▸ **INSTRUCTIONS FOR THE TASK**
Reprint all records below exactly. No images.

Data extracted from a collection
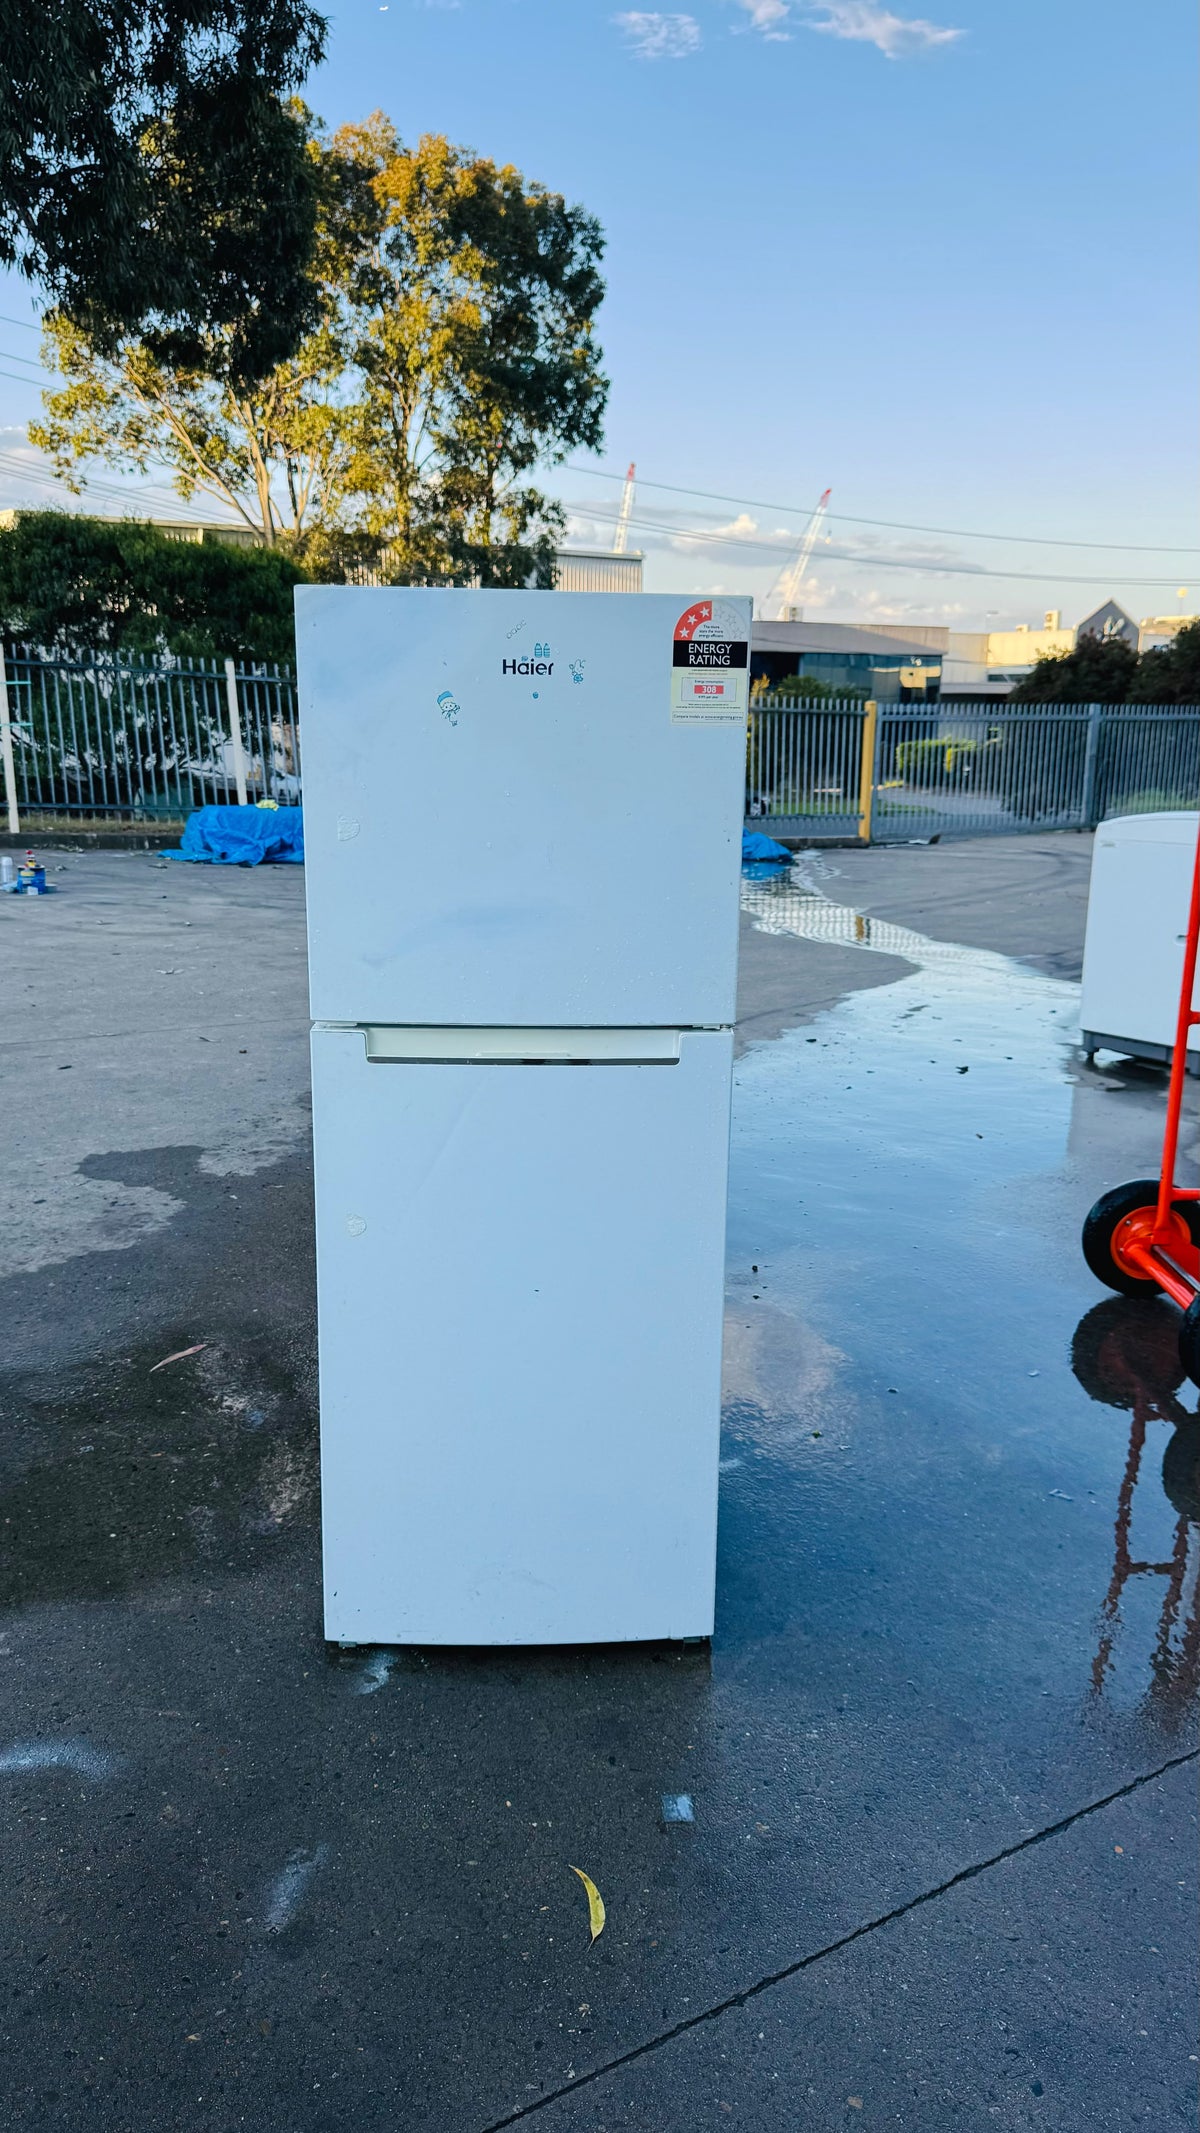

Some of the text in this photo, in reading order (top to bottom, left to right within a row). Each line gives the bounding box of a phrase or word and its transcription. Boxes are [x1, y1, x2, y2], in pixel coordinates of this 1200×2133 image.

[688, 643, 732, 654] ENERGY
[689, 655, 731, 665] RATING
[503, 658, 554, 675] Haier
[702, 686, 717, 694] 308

▸ **TASK RESPONSE**
Some of the text in this photo, in reading order (top to bottom, left to right within a row). Each line gives the bounding box of a phrase or word and its transcription. Boxes are [x1, y1, x2, y2], in pixel coordinates of this 1200×2133 image.

[688, 643, 732, 654] ENERGY
[689, 655, 731, 665] RATING
[503, 658, 554, 675] Haier
[702, 686, 717, 694] 308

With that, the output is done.